TL;DR
This paper introduces a novel approach to polynomial root-finding that significantly accelerates subdivision algorithms by optimizing exclusion tests and Taylor's shifts, supported by extensive analysis and numerical validation.
Contribution
It advances the extension of root radius approximation algorithms, providing practical acceleration and new initialization methods for subdivision root-finders.
Findings
Significant reduction in exclusion tests and Taylor's shifts needed
Achieved near optimal Boolean complexity bounds
Validated improvements through numerical experiments
Abstract
We depart from our approximation of 2000 of all root radii of a polynomial, which has readily extended Sch{\"o}nhage's efficient algorithm of 1982 for a single root radius.
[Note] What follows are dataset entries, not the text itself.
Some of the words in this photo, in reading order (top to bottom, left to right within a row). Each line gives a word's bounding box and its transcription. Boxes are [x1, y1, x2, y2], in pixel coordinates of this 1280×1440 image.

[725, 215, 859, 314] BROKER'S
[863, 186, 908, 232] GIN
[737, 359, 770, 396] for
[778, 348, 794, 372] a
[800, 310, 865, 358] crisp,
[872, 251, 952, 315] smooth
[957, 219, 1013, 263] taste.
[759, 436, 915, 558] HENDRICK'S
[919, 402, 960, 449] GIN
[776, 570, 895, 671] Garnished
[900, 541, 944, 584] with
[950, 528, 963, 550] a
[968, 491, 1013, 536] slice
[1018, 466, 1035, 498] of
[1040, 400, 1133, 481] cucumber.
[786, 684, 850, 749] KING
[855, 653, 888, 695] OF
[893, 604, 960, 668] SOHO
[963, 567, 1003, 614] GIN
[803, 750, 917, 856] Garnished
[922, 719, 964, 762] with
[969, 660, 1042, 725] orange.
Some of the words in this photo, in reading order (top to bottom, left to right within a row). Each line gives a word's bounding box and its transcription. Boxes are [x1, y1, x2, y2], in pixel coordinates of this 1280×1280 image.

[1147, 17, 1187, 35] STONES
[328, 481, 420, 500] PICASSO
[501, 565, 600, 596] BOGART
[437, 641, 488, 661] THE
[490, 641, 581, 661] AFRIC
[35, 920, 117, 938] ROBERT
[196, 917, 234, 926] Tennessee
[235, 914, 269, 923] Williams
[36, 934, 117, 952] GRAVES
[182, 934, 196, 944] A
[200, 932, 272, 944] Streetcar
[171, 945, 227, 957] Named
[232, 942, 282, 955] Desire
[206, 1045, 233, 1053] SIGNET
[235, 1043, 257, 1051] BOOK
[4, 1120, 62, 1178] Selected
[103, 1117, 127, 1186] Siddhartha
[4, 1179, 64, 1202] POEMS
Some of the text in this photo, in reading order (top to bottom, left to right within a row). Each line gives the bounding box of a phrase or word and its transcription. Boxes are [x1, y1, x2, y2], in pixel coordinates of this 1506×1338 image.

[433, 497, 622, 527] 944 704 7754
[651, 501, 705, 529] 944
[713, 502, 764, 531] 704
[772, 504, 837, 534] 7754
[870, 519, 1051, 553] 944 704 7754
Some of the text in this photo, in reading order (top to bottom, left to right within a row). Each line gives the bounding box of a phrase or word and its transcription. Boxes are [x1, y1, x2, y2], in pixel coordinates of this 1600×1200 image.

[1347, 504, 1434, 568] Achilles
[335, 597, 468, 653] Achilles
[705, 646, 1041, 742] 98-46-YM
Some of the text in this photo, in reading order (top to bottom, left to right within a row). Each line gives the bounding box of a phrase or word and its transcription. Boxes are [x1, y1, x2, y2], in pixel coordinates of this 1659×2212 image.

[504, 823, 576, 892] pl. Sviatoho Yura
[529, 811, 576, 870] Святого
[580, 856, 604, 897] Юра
We revisit this extension, advance it, based on our simple but novel idea, and yield significant practical acceleration of the known near optimal subdivision algorithms for complex and real root-finding of user's choice. We achieve this by means of significant saving of exclusion tests and Taylor's shifts, which are the bottleneck of subdivision root-finders. This saving relies on our novel recipes for the initialization of root-finding iterations of independent interest. We demonstrate our practical progress with numerical tests, provide extensive analysis of the resulting algorithms, and show that, like the preceding subdivision root-finders, they support near optimal Boolean complexity bounds.